Led by Professor Joshua M. Pearce, along with Jahangir Abdullayev and Joshua Givans from the Department of Mechanical and Materials Engineering, the work addresses a critical pain point in the solar industry: recycling. Traditional glass-EVA laminated panels are notoriously difficult to recycle, often ending up in landfills despite their long operational life. This laminate-free approach uses heat and pressure to fuse a 3D-printed PC seal, creating robust modules suitable for distributed, open-source production.
The Growing Solar PV Recycling Crisis in Canada and Beyond
Solar PV adoption is surging in Canada, with installed capacity projected to reach 7.12 gigawatts (GW) in 2026 and grow at a compound annual growth rate (CAGR) of 7.54% to 10.25 GW by 2030. However, this boom exacerbates end-of-life challenges. Globally, most panels are landfilled because delaminating EVA from cells damages the high-value silicon components. In Canada, while regulations are evolving—with federal challenges seeking lifecycle recycling solutions—the economic barrier remains high.

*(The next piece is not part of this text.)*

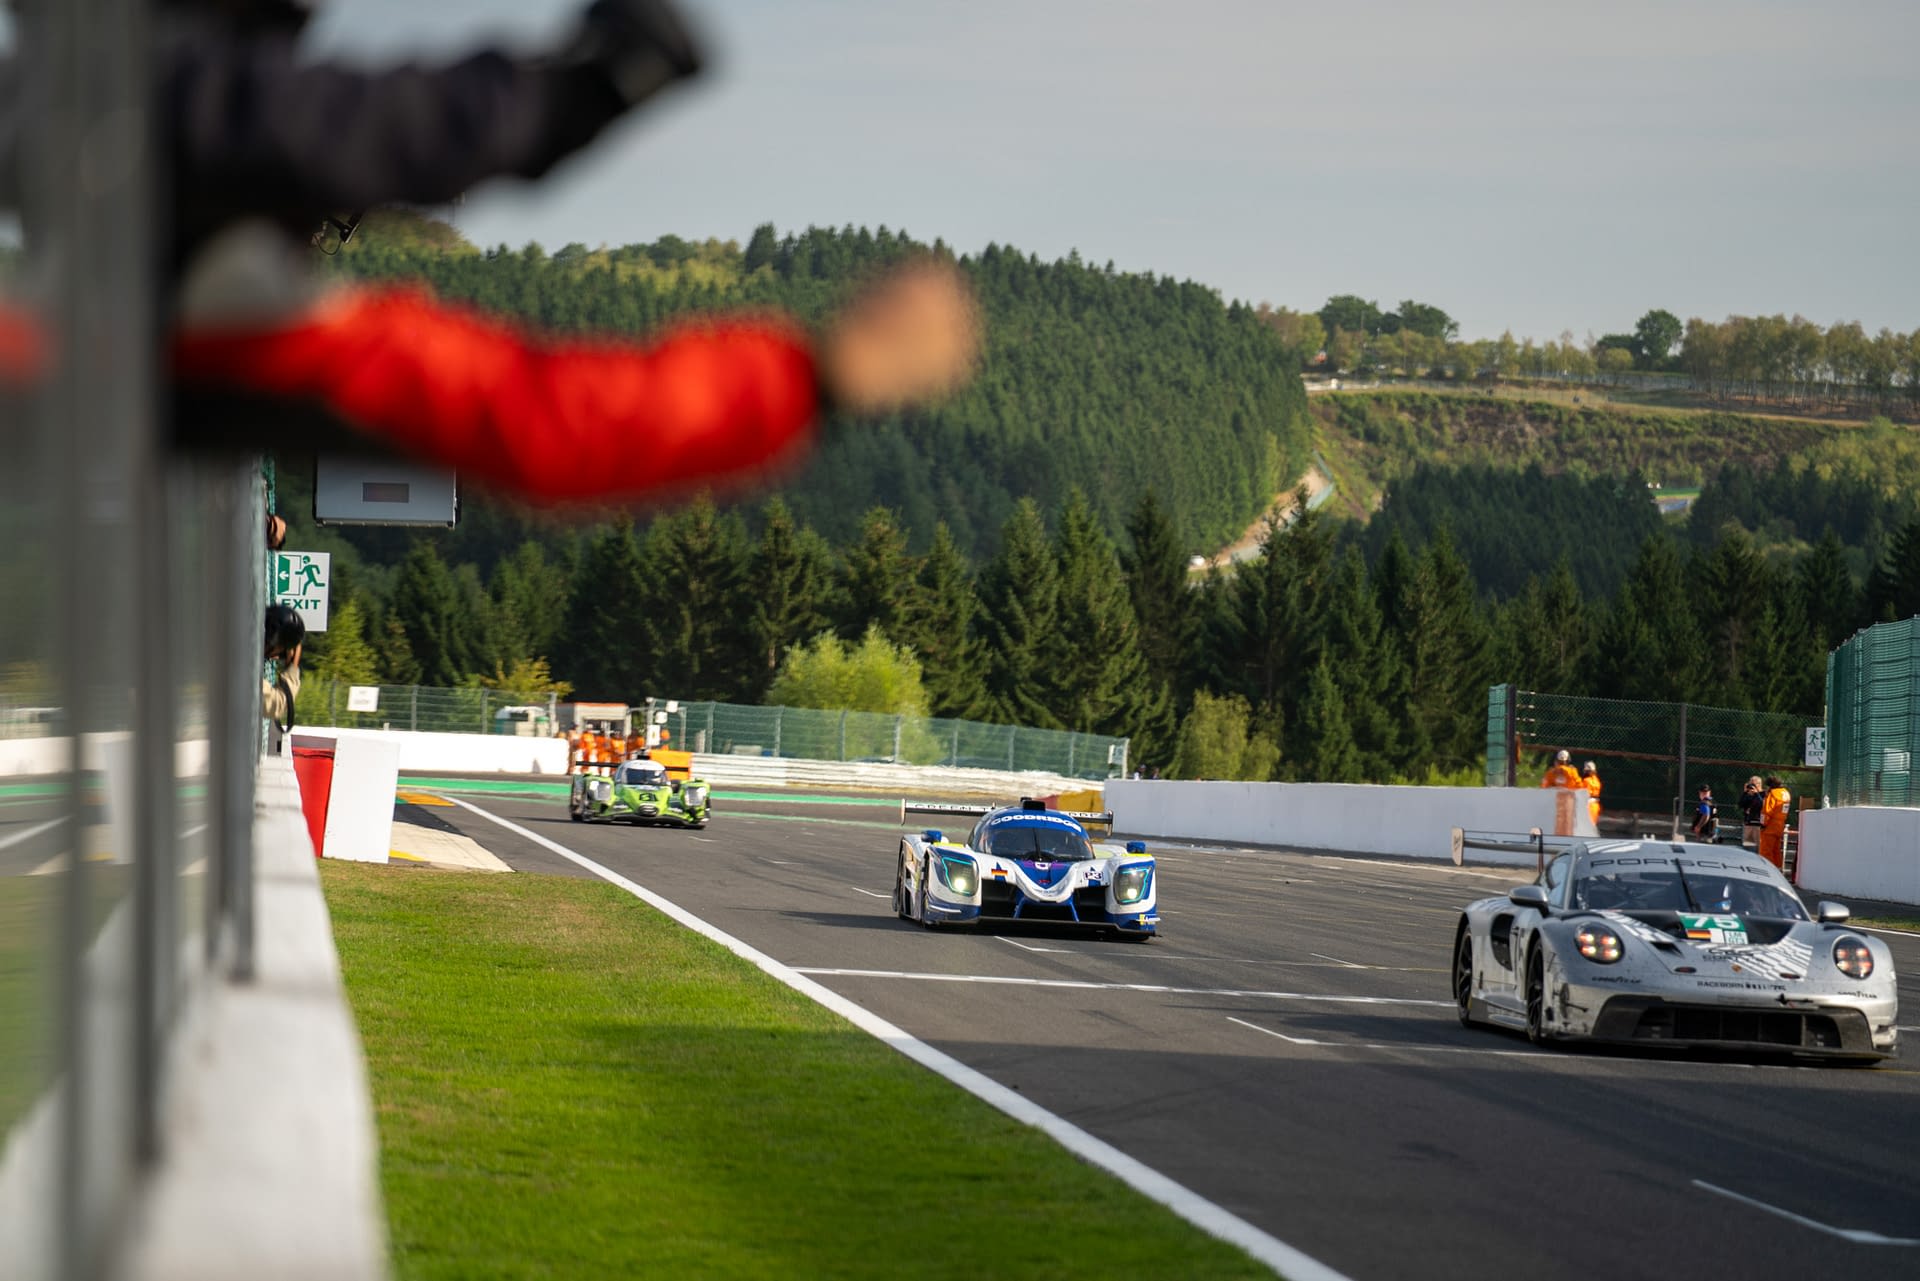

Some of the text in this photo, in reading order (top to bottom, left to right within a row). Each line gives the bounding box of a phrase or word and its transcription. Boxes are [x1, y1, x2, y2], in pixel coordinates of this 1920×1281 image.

[281, 598, 321, 610] EXIT
[990, 814, 1082, 833] GOODRIDGE
[1590, 857, 1769, 878] PORSCHE
[1684, 914, 1740, 929] 75

The Western University team's publication in the Journal of Cleaner Production (March 18, 2026) tackles this head-on. By designing for disassembly, their modules allow mechanical separation, preserving cells for refurbishment or reuse. This could extend panel lifetimes beyond 20 years, drastically cutting waste and embodied energy.
Understanding Polycarbonate Encapsulant: Properties and Advantages
Polycarbonate (PC), a high-performance thermoplastic, offers superior impact resistance—up to 250 times that of glass—while being significantly lighter. Unlike brittle glass, PC flexes under stress, making it ideal for building-integrated or vehicle-mounted PV. Its natural UV filtering protects cells without additional coatings, though transmissivity is about 80% versus glass's 95%.

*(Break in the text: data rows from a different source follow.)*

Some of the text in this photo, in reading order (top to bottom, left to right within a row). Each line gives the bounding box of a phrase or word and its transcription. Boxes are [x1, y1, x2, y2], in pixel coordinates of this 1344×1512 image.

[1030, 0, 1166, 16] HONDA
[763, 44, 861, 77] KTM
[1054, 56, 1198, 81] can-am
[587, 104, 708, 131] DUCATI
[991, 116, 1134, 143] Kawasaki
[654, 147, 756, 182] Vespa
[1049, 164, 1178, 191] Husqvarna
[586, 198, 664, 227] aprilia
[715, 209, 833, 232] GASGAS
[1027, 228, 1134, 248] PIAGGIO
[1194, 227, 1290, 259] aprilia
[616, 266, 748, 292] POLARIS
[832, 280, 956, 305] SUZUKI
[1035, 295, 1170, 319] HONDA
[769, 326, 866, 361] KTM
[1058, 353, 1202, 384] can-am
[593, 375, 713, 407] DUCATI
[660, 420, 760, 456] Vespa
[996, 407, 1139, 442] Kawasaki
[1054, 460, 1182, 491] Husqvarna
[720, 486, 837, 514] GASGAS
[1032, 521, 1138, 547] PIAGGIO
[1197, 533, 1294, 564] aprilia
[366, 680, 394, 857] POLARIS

- Mechanical strength: Withstands hail (future iterations needed) and dynamic loads per IEC 61215 standards.
- Lightweight: Reduces installation costs and enables new applications like agrivoltaics.

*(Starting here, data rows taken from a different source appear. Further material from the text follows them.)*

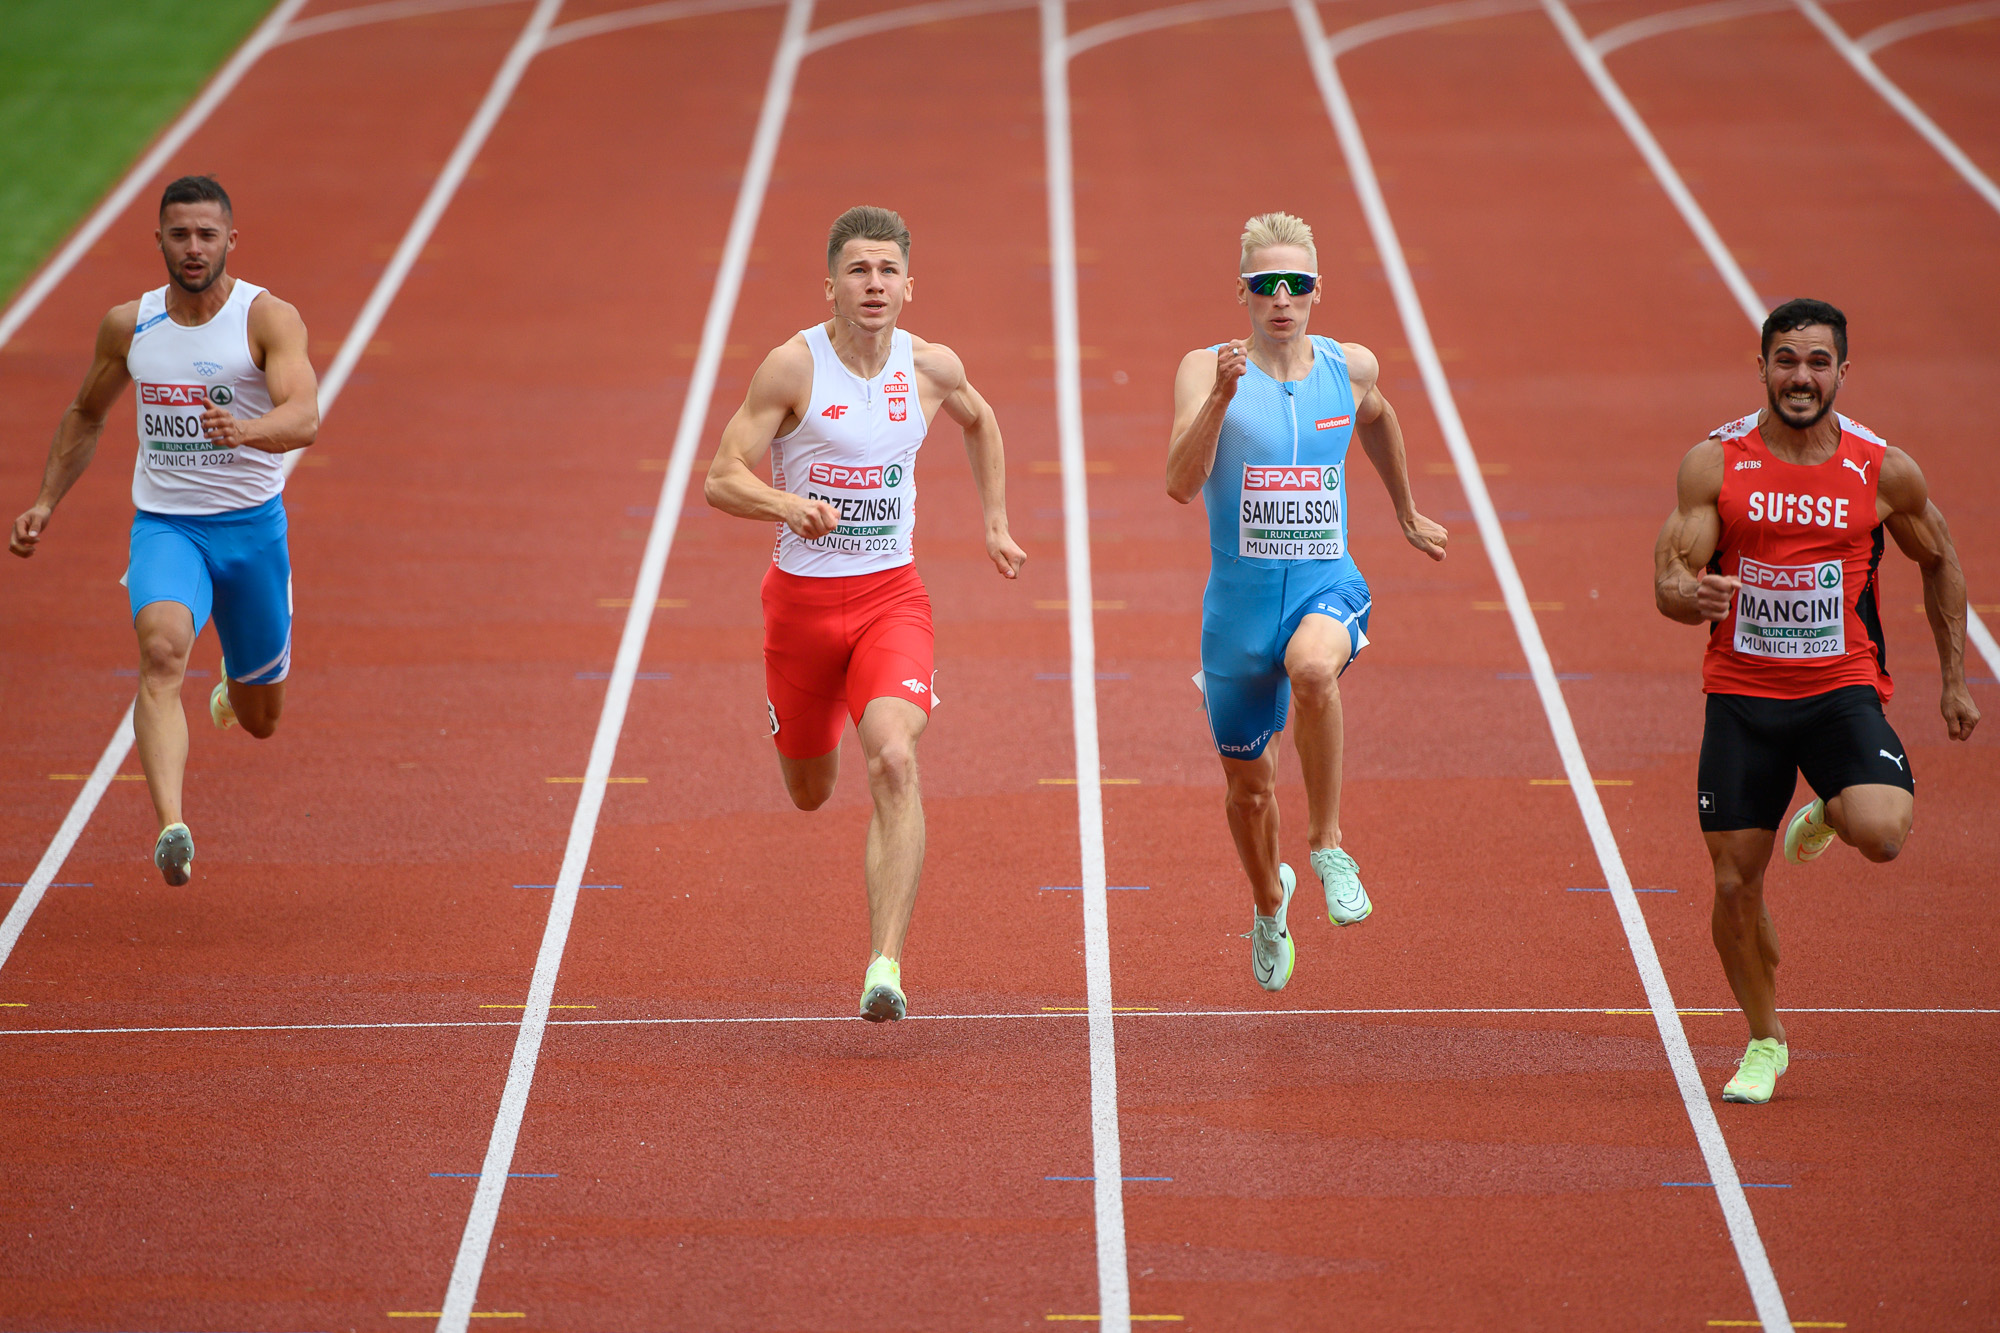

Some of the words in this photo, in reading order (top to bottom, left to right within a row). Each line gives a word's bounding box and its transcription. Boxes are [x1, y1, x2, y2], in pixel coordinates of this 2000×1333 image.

[142, 385, 206, 404] SPAR
[821, 404, 848, 420] 4F
[1317, 416, 1350, 430] motonet
[148, 453, 196, 466] MUNICH
[201, 453, 234, 466] 2022
[1743, 460, 1762, 469] UBS
[811, 465, 881, 487] SPAR
[1246, 470, 1320, 488] SPAR
[1242, 499, 1339, 525] SAMUELSSON
[1270, 530, 1291, 539] RUN
[865, 538, 897, 551] 2022
[1246, 541, 1303, 556] MUNICH
[1308, 542, 1339, 556] 2022
[1742, 563, 1814, 588] SPAR
[1740, 593, 1839, 623] MANCINI
[1762, 628, 1783, 637] RUN
[1741, 635, 1797, 654] MUNICH
[1803, 638, 1838, 654] 2022
[901, 678, 928, 694] 4F
[1221, 735, 1262, 752] CRAFT

- Recyclability: Fully thermoplastic, sortable post-disassembly.
- Cost-effective: Prototype at $3.11 per watt using retail materials; scales down with recycled PC.
Compared to EVA, which degrades under UV and complicates recycling, PC simplifies processing—no chemical solvents required.
Step-by-Step: How the Laminate-Free Fabrication Works
The process is elegantly simple, leveraging accessible tools for community-scale production:
- Position solar cells between two PC sheets.
- 3D-print a PC seal frame with wire exit notches.
- Heat assembly to PC's glass transition temperature (~147°C).
- Apply uniform pressure to fuse seal, encapsulating cells without adhesives or vacuum lamination.
- Seal wire gaps with ethyl cyanoacrylate.
Prototypes used SunPower monocrystalline cells, achieving IP68-equivalent water resistance—remarkable for a non-laminated structure. Pearce notes, “This design specifically enables disassembly and circular-economy reuse of PV—solving one of the largest challenges to recycling standard EVA-glass laminated modules.”
Performance Metrics: Balancing Efficiency and Durability
Initial tests showed promising results. Single-cell modules produced 2.12 watts under sunny conditions, with open-circuit voltage (Voc) and short-circuit current (Isc) stable within ±5% post-encapsulation. Spectral analysis confirmed 80.38% transmissivity, equating to a 16 kWh loss over 20 years per cell—offset by reuse potential.
The modules passed key IEC 61215 mechanical tests (static/dynamic loads, twist, torque) but need hail improvements. Long-term validation under thermal cycling, damp heat, and UV exposure is next.
| Metric | PC Module | Glass/EVA Standard |
|---|---|---|
| Transmissivity | 80% | 95% |
| Weight Reduction | Significant | Baseline |
| Recyclability | High (disassembly) | Low (landfill common) |
| Cost (prototype $/W) | $3.11 | Lower at scale, but recycling adds cost |
Environmental and Economic Impacts: A Circular Economy Win
By enabling cell recovery, this design slashes waste. Canada's solar waste is set to grow with capacity doubling by 2035; innovations like this support federal recycling mandates.Read the full paper. Recycled PC frames further reduce carbon footprints by 90% versus aluminum.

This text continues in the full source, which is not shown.